I had a miscarriage. There, I said it. (Well, wrote it.) The first time in my life I can recall hearing those words was when I called my doctor with a question the day after we discovered our baby no longer had a heartbeat. The nurse I talked to told me her personal experience. The second time I heard it? From the anesthesiologist prepping me for a D&C. The third time? The nurse in the surgery center. And yet, 15% of documented pregnancies end in miscarriage - that's pregnant women who have already been to the doctor! Here's our story.

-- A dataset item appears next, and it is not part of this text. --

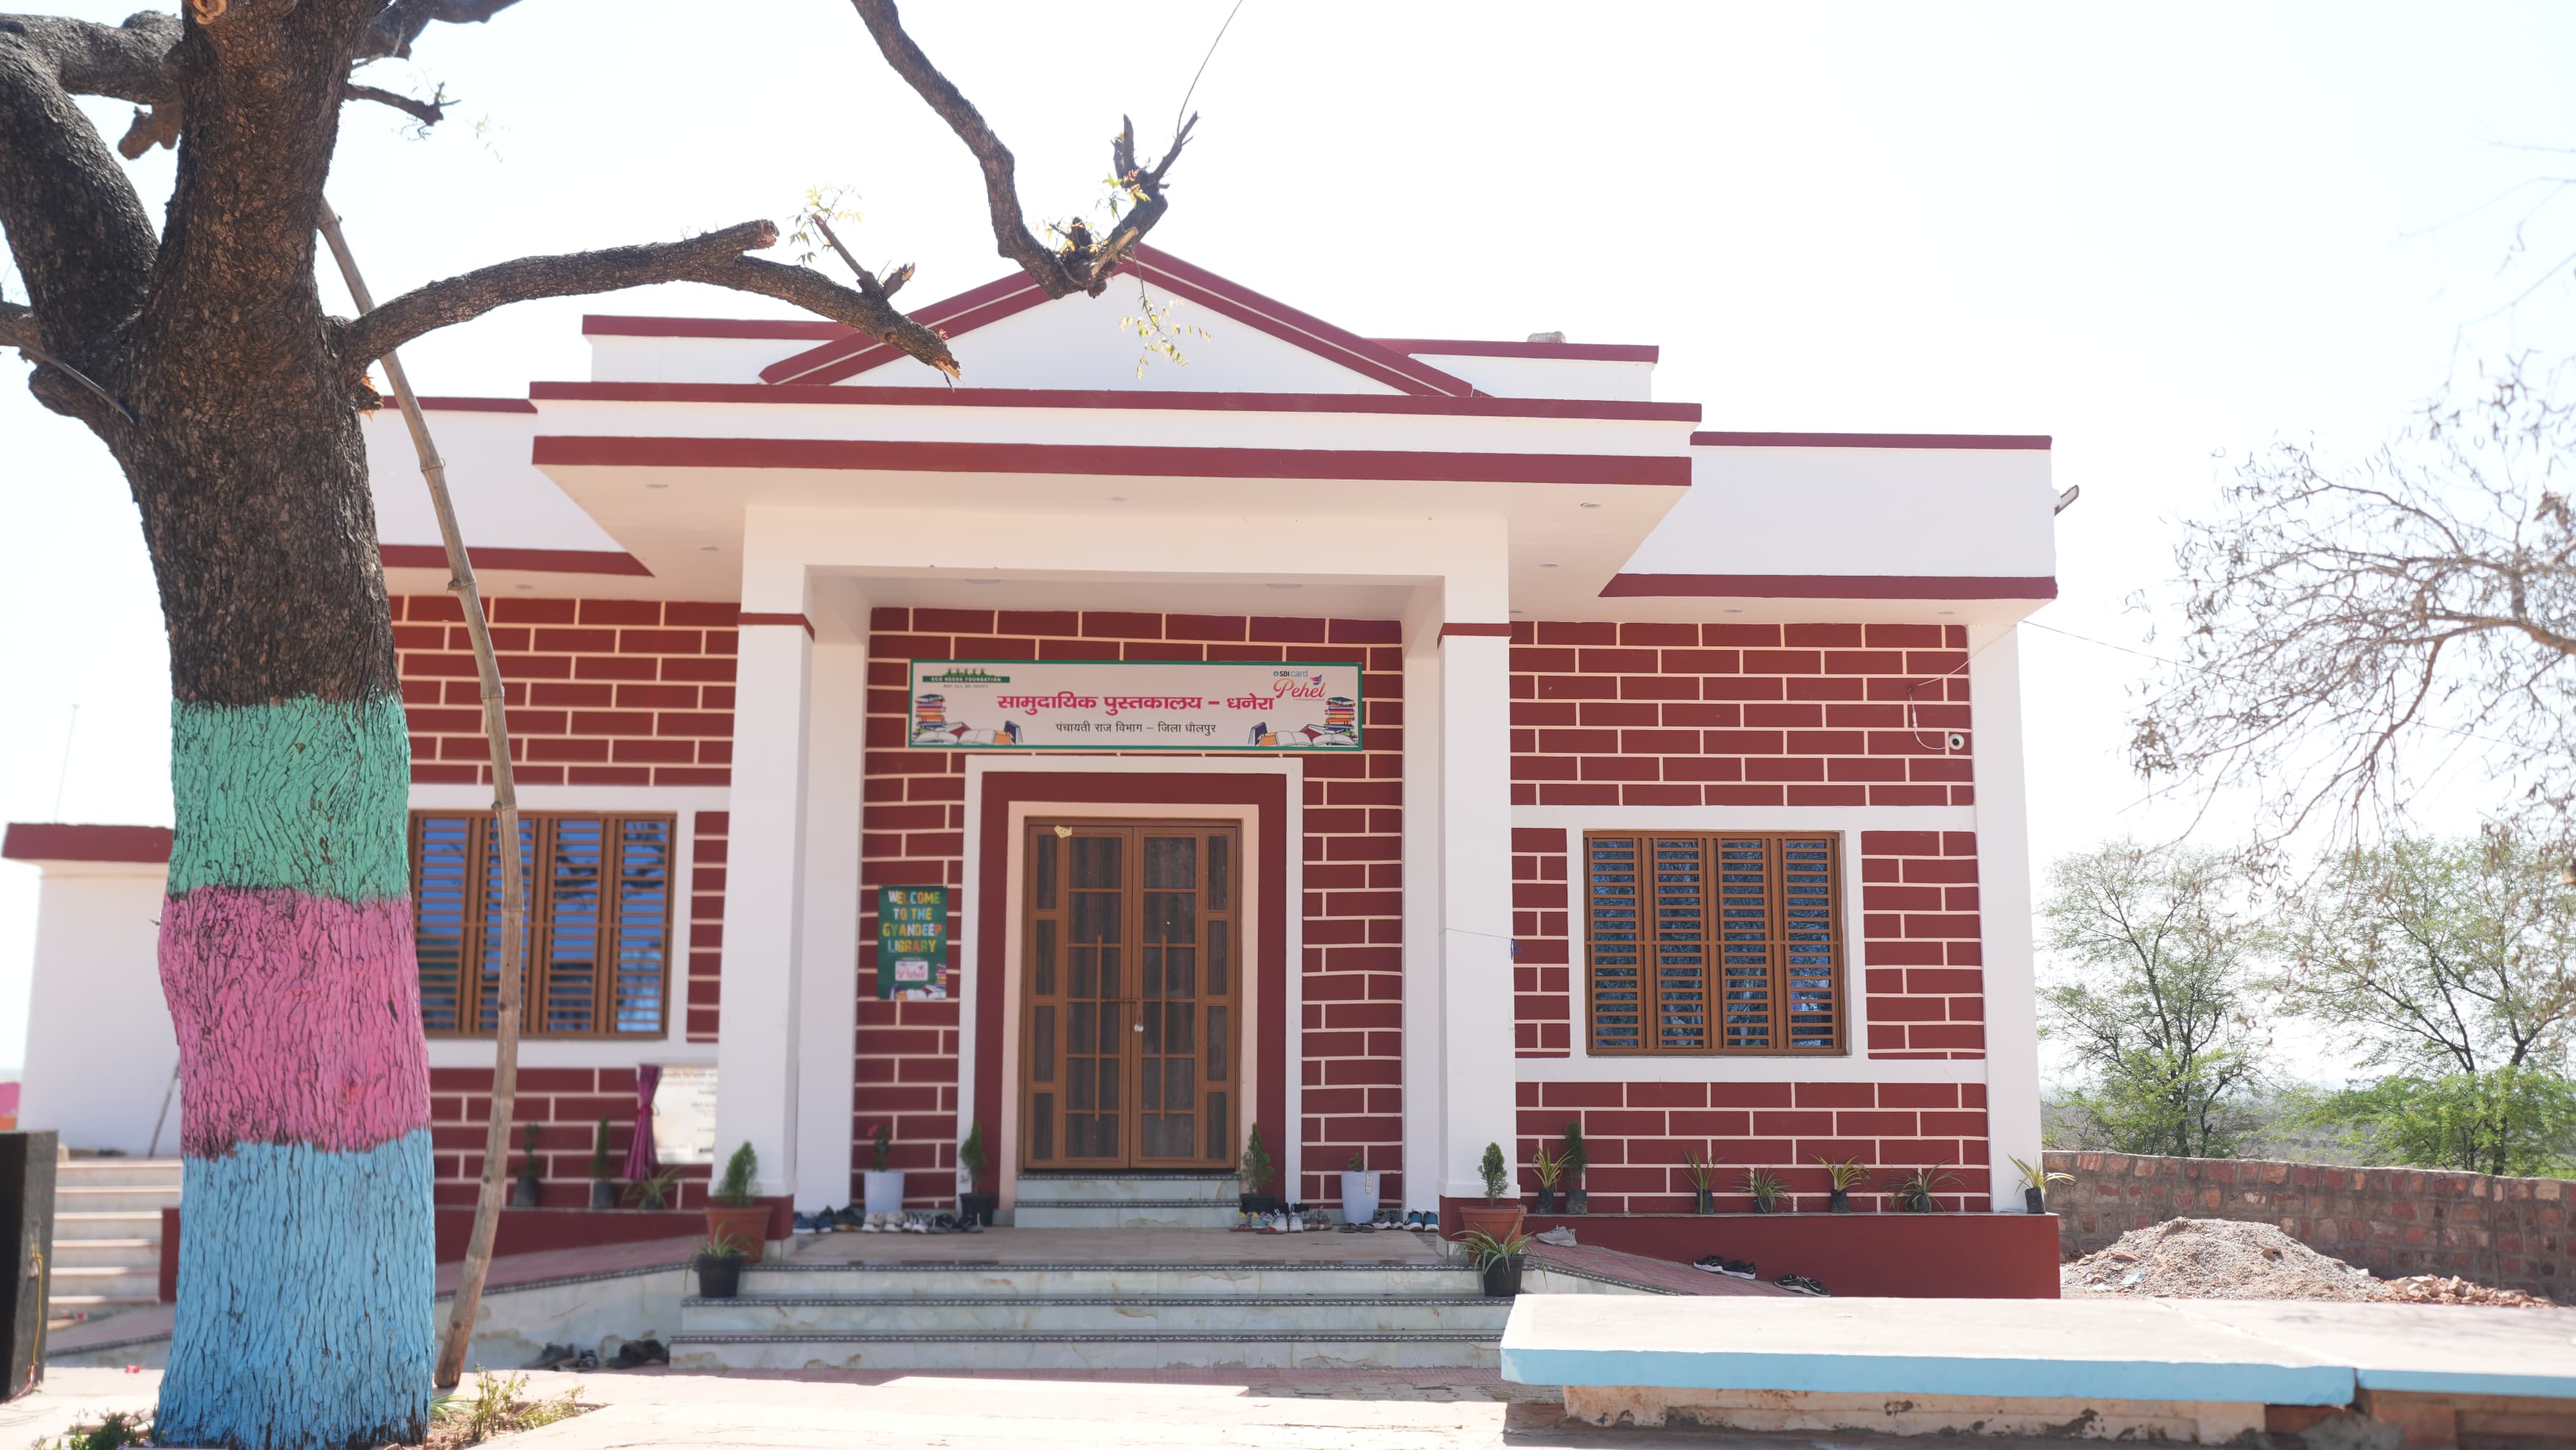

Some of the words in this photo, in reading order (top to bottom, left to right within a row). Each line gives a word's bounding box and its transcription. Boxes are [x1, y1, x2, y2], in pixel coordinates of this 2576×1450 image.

My first doctor appointment was at 10 weeks. Everything looked great. At 14 weeks, the nurse was unable to find a heartbeat with the monitor so she tried on the ultrasound, then called in the doctor. Obviously, by then, I suspected something was up. The doctor was able to find the baby's heart - not beating. The measurements indicated the miscarriage happened very shortly after my first appointment. This type of miscarriage - where your body doesn't immediately abort - is called a missed miscarriage. I had no idea that could even happen! Not only that, I spent another FOUR WEEKS waiting to miscarry naturally. I should have known; neither of my other babies came out on their own. During this time I continued to deal with morning sickness and none of my clothes fitting. Eventually I could tell I wasn't growing, and stopped "feeling" pregnant.

Since we are going on vacation this weekend (and I have good health insurance now), I finally scheduled a D&C (a surgical procedure to clean everything out of the uterus). Days before, I finally noticed a little bleeding and cramping, but not much. On Monday, my doctor performed a D&C. I'm still very tired, but I haven't really had any pain. This seems to be the way to go.

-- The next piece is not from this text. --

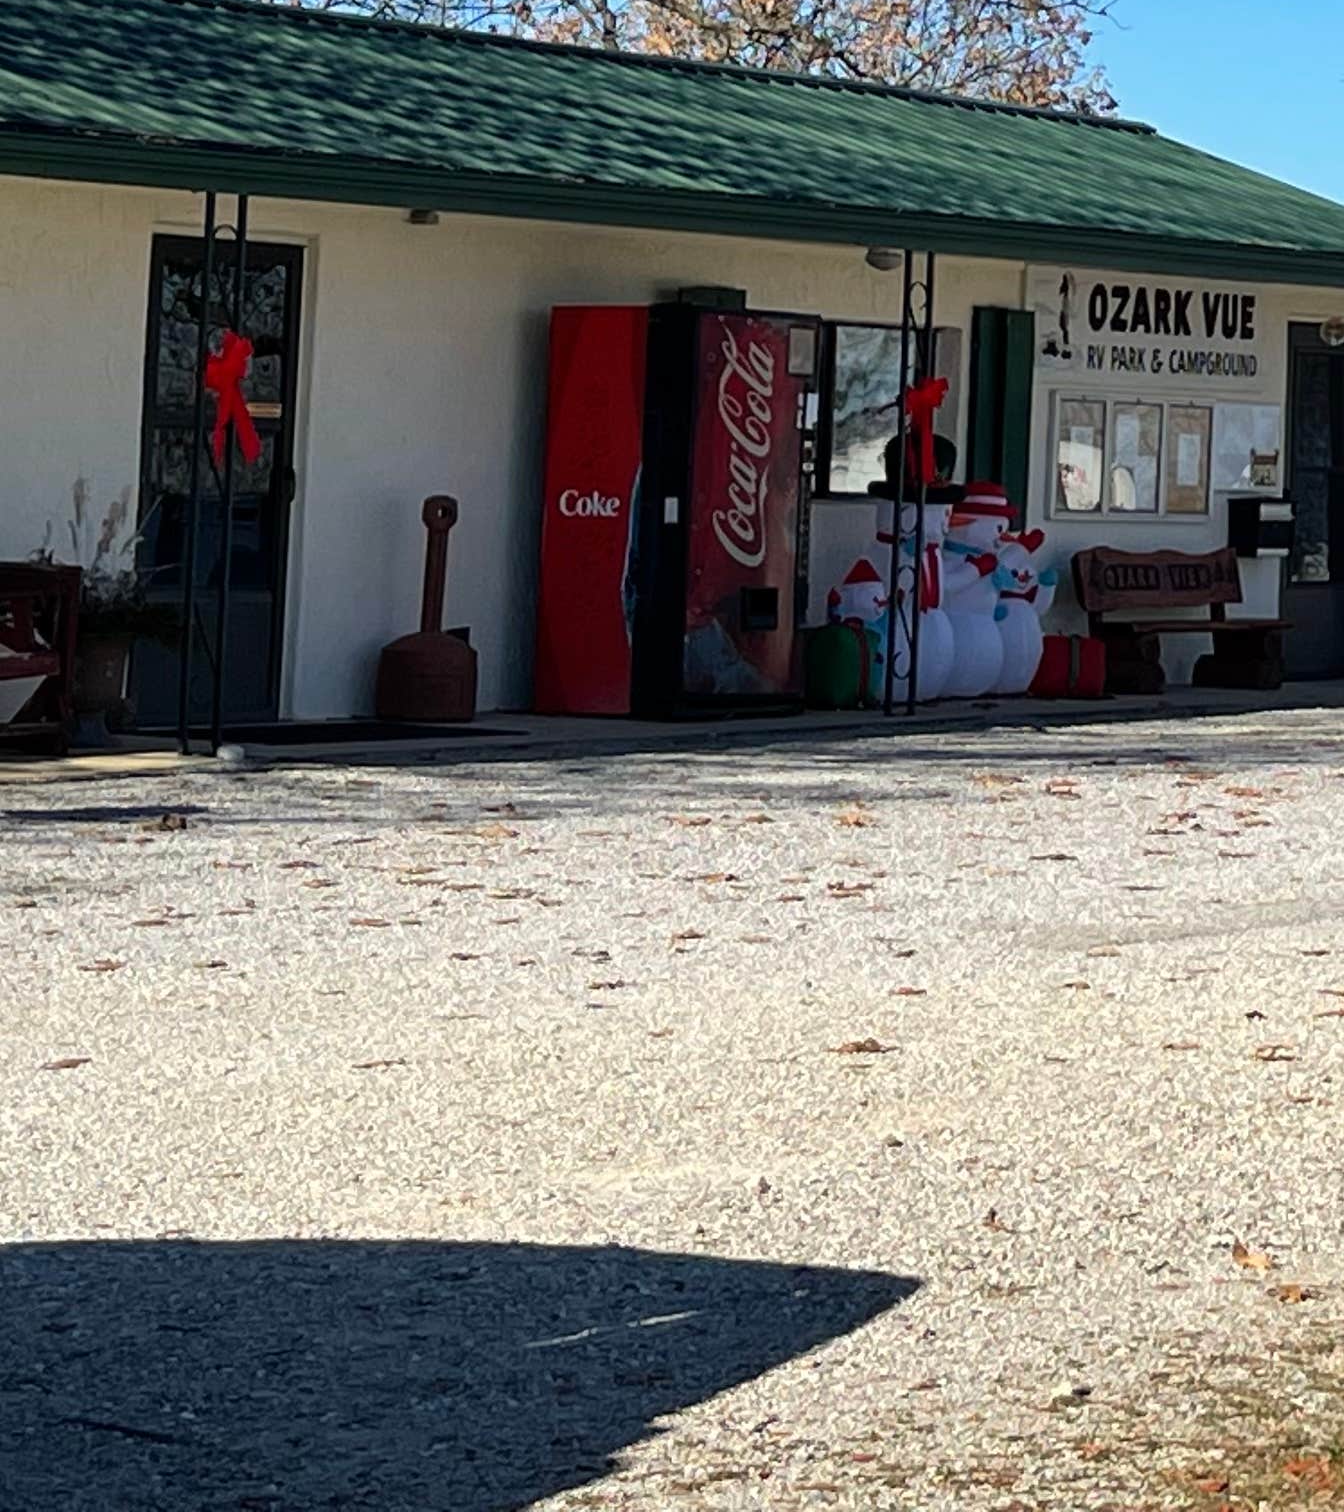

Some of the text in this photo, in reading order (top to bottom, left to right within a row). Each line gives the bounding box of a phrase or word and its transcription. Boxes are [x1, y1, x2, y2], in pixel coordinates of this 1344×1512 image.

On to the emotional aspect of this. Things you shouldn't say to people who are grieving (and I'm not just talking about miscarriage):
You can always try again.
There must be something wrong with it.
It's part of the plan.
Your baby's smiling down on you.
You'll see her again.
Etc.

The only thing worth saying is "I'm sorry." I may think those things. John and I may even say those things to each other. But don't impose beliefs or possibilities or happy thoughts on me. Just say you're sorry. (John talked about this also)

I actually laughed at Leonard when he called. He said he was sorry and then there was silence. I told him it was perfect. There's nothing else to say. We chatted about it a few days later.

Leonard: who thinks saying that kind of thing will make you feel better?
but they keep doing it. when dad died and then again with mom
me: people who haven't experienced loss I guess
Leonard: maybe
people who say what they think they're expected to say

Now, let me clarify that if you have had a miscarriage and are willing to share your experience, feel free to mention that. But don't launch into your horror story without permission.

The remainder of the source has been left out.